-------- The records --------
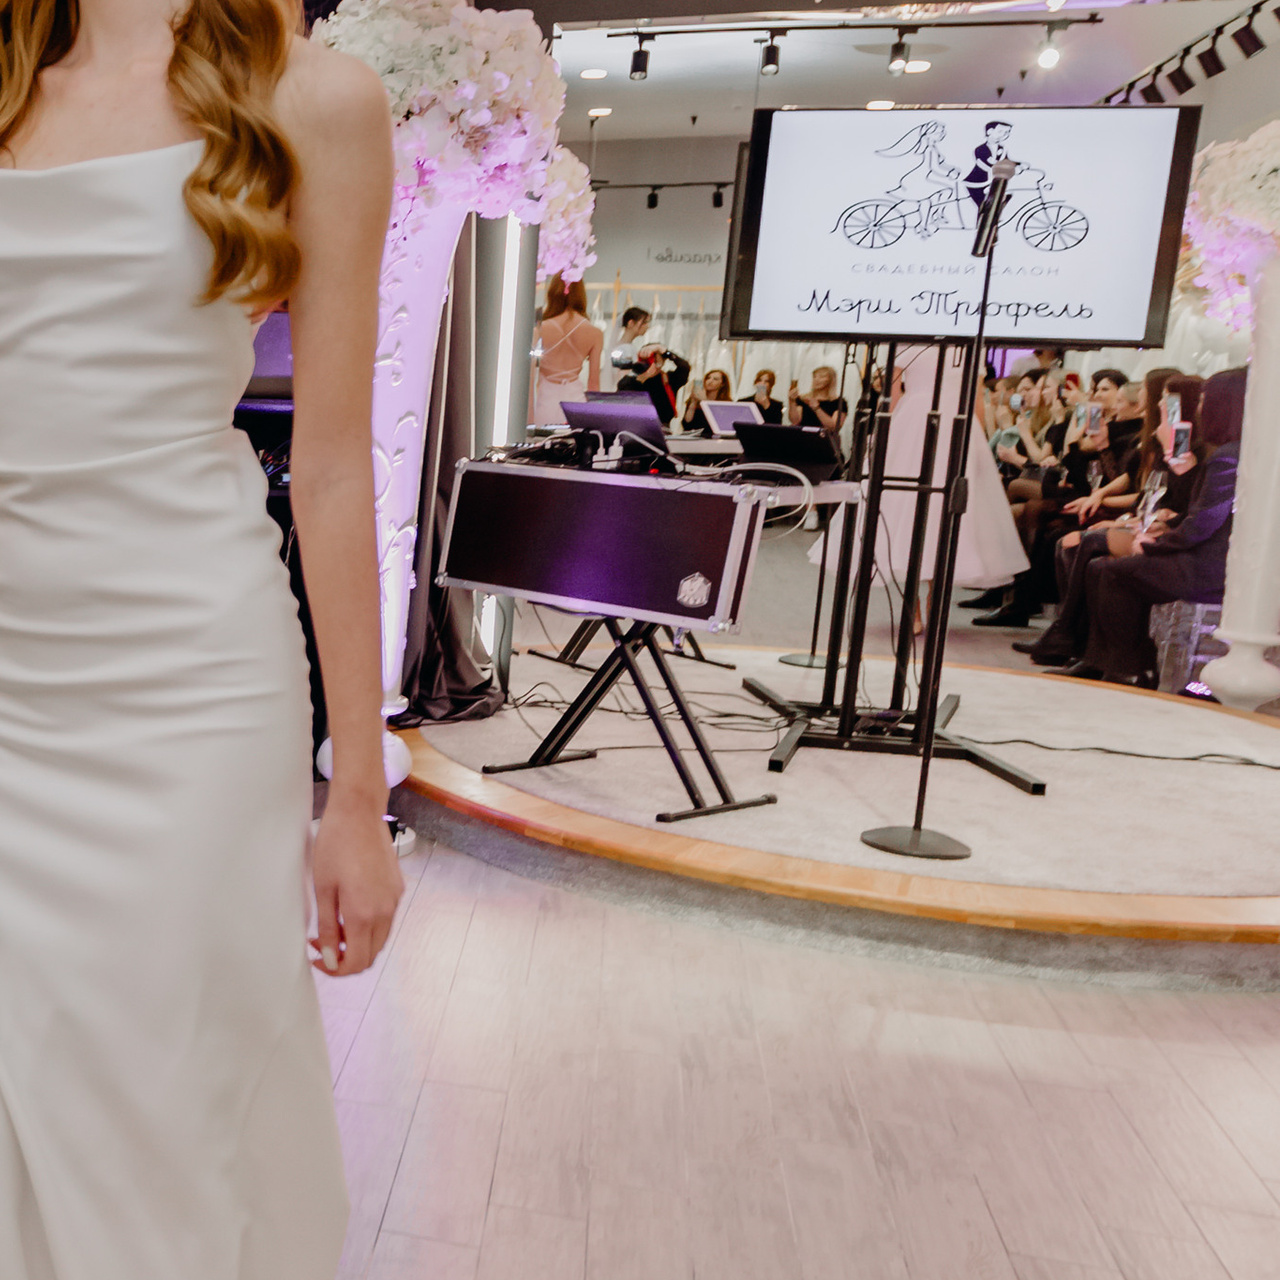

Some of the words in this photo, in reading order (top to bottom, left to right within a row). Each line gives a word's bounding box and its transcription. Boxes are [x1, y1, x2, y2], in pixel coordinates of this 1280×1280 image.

[850, 262, 977, 275] СВАДЕБНЫЙ
[797, 289, 902, 324] Мэри
[910, 289, 1094, 327] Трюфель
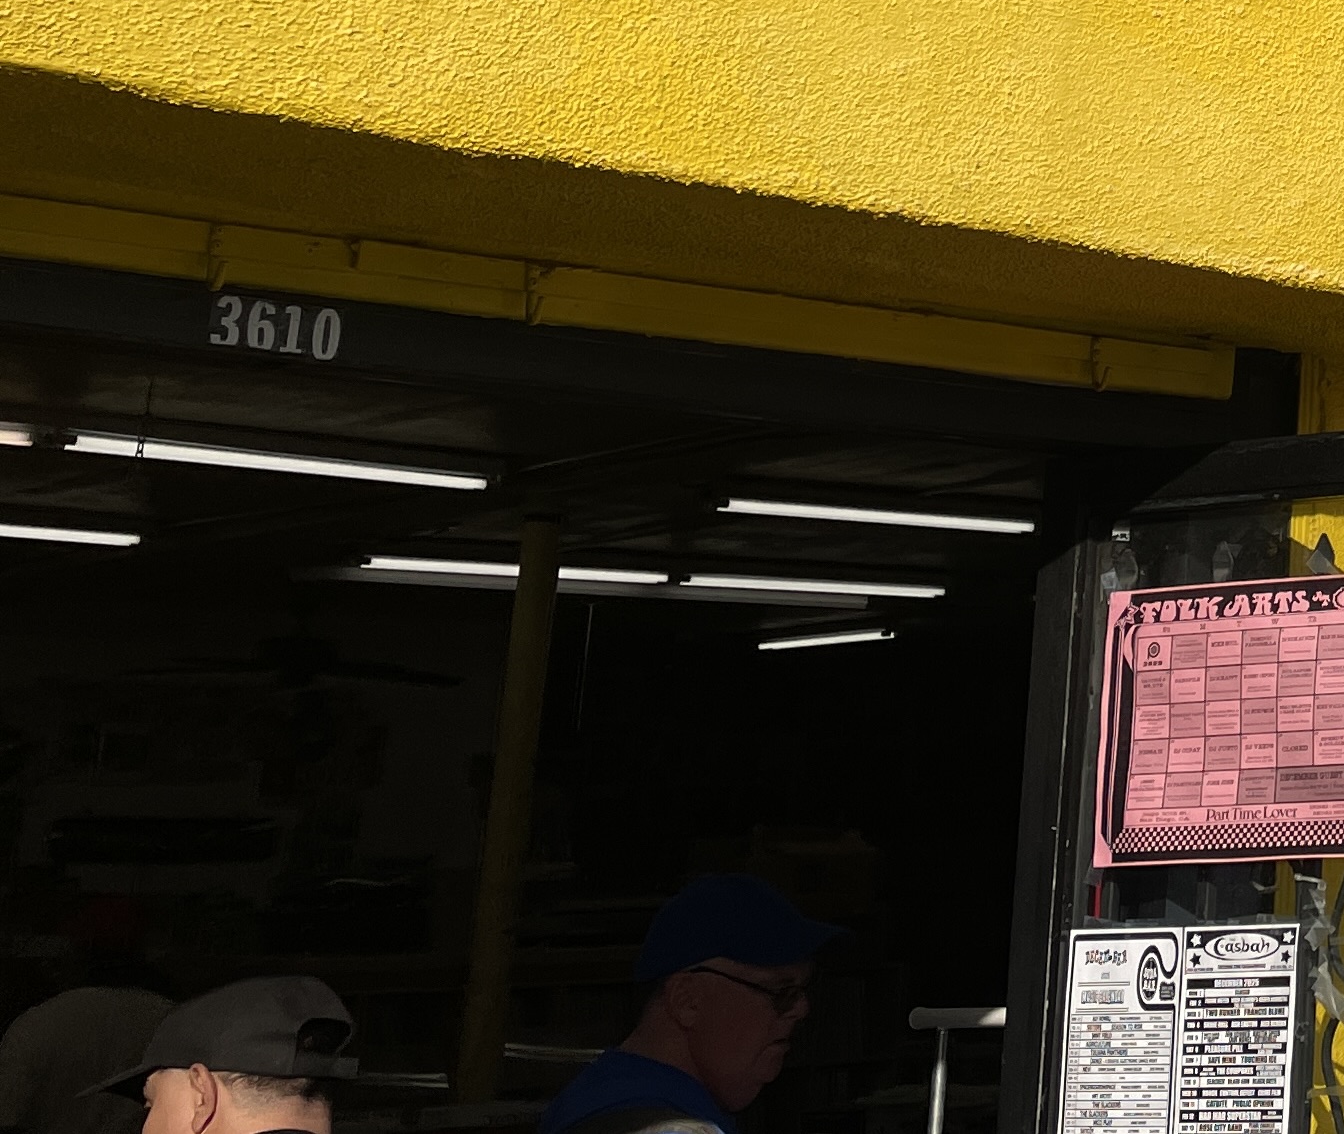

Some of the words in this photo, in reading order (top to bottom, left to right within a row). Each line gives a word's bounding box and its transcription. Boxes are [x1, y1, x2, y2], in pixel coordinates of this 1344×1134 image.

[209, 295, 342, 361] 3610
[1140, 596, 1224, 624] FOLK
[1223, 589, 1311, 619] ARTS
[1206, 808, 1230, 822] Part
[1229, 807, 1262, 821] Time
[1263, 806, 1298, 819] Lover
[1213, 936, 1270, 957] Casbah
--------
■ What the task asks
Leave out every picture and copy the rest of the records exactly.

■ Response to this exercise
Some of the words in this photo, in reading order (top to bottom, left to right within a row). Each line gives a word's bounding box and its transcription. Boxes are [x1, y1, x2, y2], in pixel coordinates of this 1280×1280 image.

[850, 262, 977, 275] СВАДЕБНЫЙ
[797, 289, 902, 324] Мэри
[910, 289, 1094, 327] Трюфель

Some of the words in this photo, in reading order (top to bottom, left to right within a row). Each line gives a word's bounding box and its transcription. Boxes are [x1, y1, x2, y2], in pixel coordinates of this 1344×1134 image.

[209, 295, 342, 361] 3610
[1140, 596, 1224, 624] FOLK
[1223, 589, 1311, 619] ARTS
[1206, 808, 1230, 822] Part
[1229, 807, 1262, 821] Time
[1263, 806, 1298, 819] Lover
[1213, 936, 1270, 957] Casbah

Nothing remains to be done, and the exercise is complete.